La diferencia està en que no es tan fácil descubrir qué programas deben cambiarse, dónde encontrar los nuevos y cómo realizar el proceso. Según la Programación NeuroLingüística, se hace en un pis pas. Según otros, es más lento y requiere mucho voluntad. Pero, sea como sea, es posible.
La mayoría de los programas que tenemos en la cabecita son o se basan en creencias. Algunas de ellas son inhabilitadoras, lo que significa que nos bloquean en algunos aspectos de nuestra vida. La teoría es fácil: hay que detectarlas y cambiarlas por otras. ¿Pero cómo?
Imagina que un día descubres que tu yo es en gran parte asocial y que no te gusta tal como es. El siguiente paso será pensar en qué creencia se basa este comportamiento, que estará afectando posiblemente a buena parte de los programas de tu cerebro. La creencia puede ser: "El mundo es hostil". Ahora la tarea se divide en dos partes, que son complementarias:
1. Descubre, recordando, cuándo entró en tu computadora la creencia de que "El mundo es hostil". ¿Sucedió algo? ¿Fue una cadena de acontecimientos? ¿Dónde? ¿Cuándo? Rememora aquel día o momentos. ¿Quién estaba contigo? ¿Realmente todo el mundo es hostil o lo fueron en aquel instante preciso unas personas precisas de las que incluso puedes suponer el por qué de su comportamiento? En resumen: desfragmenta la creencia para que el frío análisis pueda poner las piezas en su sitio y restar potencia emotiva a la creencia.
2. Inventa una contra-creencia. Por ejemplo: "El mundo es acogedor". E instálala en tu ordenador. Puede ser mediante la repetición, con técnicas de meditación... Cada cual conoce qué le va mejor o encuentra en el camino sus métodos.
La mayoría de creencias que tenemos instaladas en el cerebro entraron en él cuando éramos niños, a través de los padres muchas de ellas (no critico con esto a los padres, que no hacían más que repetir lo que a ellos les habían instalado los suyos). Cuando las revisitamos ahora, de mayores, nos damos cuenta de que seguimos vistiendo con ropas talla 3 años, cuando tenemos 30. Que buena parte de nuestro mundo no es ni nuestro, sino de quienes nos inculcaron estas creencias. Y que vivimos, trabajamos y amamos en base a creencias adquiridas desde unas mentes infantiles.
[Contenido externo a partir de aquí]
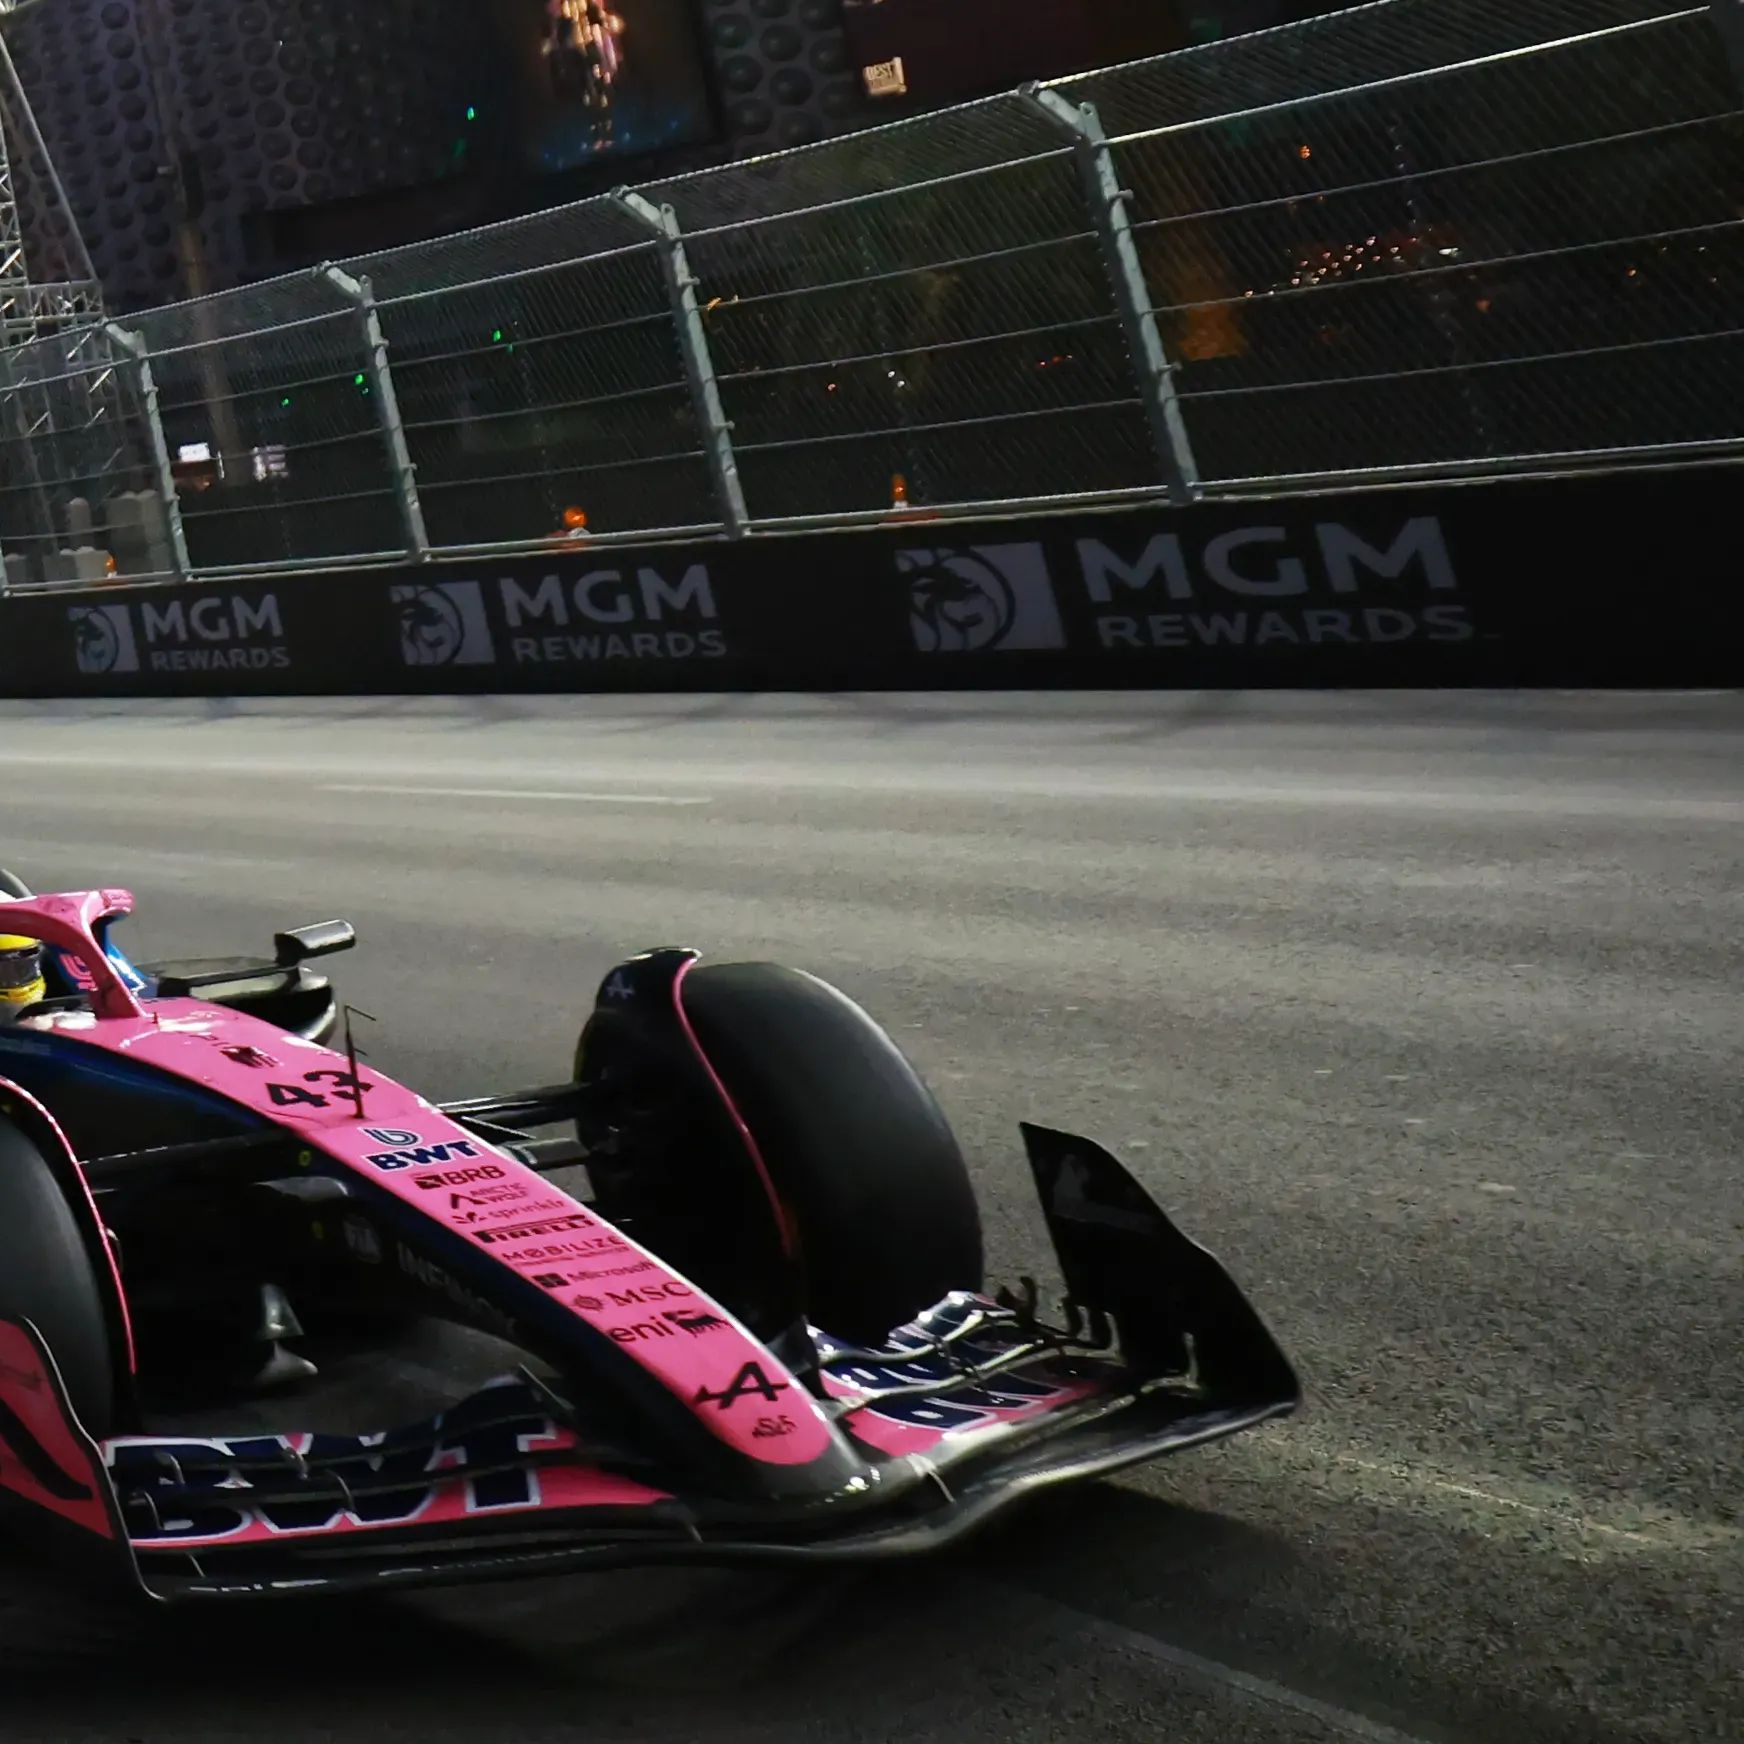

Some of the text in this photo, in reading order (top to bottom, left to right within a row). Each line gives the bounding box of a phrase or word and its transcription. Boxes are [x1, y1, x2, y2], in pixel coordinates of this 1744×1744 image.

[1075, 515, 1459, 603] MGM
[497, 562, 718, 630] MGM
[140, 593, 284, 644] MGM
[1095, 603, 1475, 648] REWARDS
[150, 645, 292, 673] REWARDS
[512, 629, 727, 662] REWARDS
[266, 1070, 375, 1108] 43
[362, 1139, 483, 1171] BWT
[443, 1165, 506, 1186] BRB
[472, 1214, 595, 1243] PIRELLI
[567, 1259, 660, 1283] Microsoft
[605, 1280, 694, 1307] MSC
[608, 1316, 675, 1343] eni
Lo más difícil, para mí, no es cambiarlas sino detectarlas. Explorar cada uno de mis comportamientos y preguntarme el porqué, de dónde sale, de qué creencia. Requiere una atención y voluntad muy fuertes porque están tan imbuidas en mi día a día que se confunden, se esconden, es como mirarse a un espejo con los ojos cerrados.
Un truco para sacarlas a la luz es preguntarte: "¿Cuál es mi sueño incumplido?". Y acto seguido: "¿Cuál es la creencia que no me permite alcanzar mi sueño?". Y zas, la pillas. Puede ser algo que te parezca absurdo, como que en tu casa siempre se dio por hecho que quien ganaría mucho dinero sería tu hermano, y así lo acataste, creyendo que tú nunca sabrías ganar dinero y dedicando tus fuerzas a poner esta creencia en práctica. O que no está bien alzarle la voz a nadie y así estás, que jefe y amigos se chotean de tí. O que los hombres no lloran ni acceden a su zona de los sentimientos. O que las mujeres deben tener pareja para ser consideradas plenamente mujeres.
Si os gusta el juego, simplemente plantaros delante de los anuncios de la tele e id apuntando el montón de creencias, falsas creencias, destructivos virus que nos instalan o sincronizan con las que ya tenemos instaladas.